• **WHAT TO PRODUCE**
Would you copy the entries that follow exactly, leaving out every picture?

::: RECORDS FOR THIS TASK :::

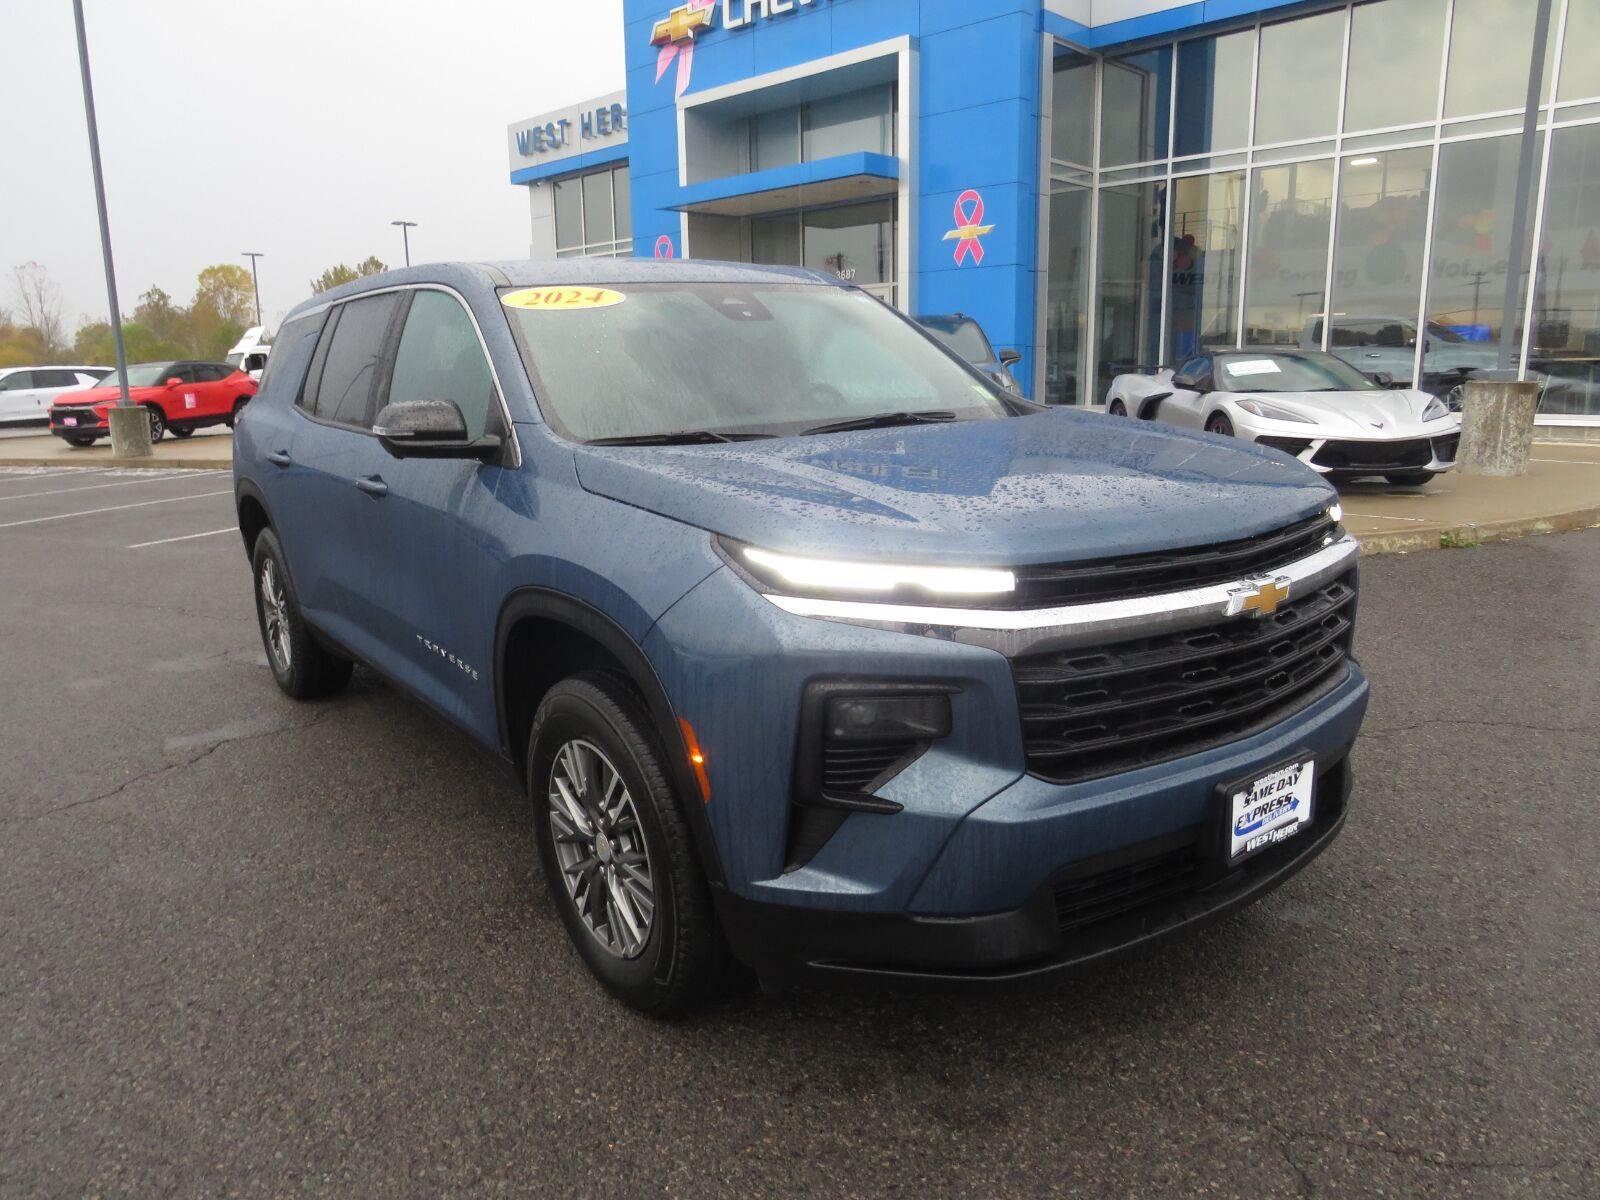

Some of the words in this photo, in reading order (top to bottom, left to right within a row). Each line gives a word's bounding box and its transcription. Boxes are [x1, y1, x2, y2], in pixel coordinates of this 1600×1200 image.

[516, 118, 569, 156] WEST
[523, 290, 605, 306] 2024
[1243, 782, 1276, 809] SAME
[1276, 773, 1300, 792] DAY
[1237, 792, 1294, 829] EXPRESS

:::

• **OUTPUT BELOW**
Some of the words in this photo, in reading order (top to bottom, left to right within a row). Each line gives a word's bounding box and its transcription. Boxes are [x1, y1, x2, y2], in pixel coordinates of this 1600×1200 image.

[516, 118, 569, 156] WEST
[523, 290, 605, 306] 2024
[1243, 782, 1276, 809] SAME
[1276, 773, 1300, 792] DAY
[1237, 792, 1294, 829] EXPRESS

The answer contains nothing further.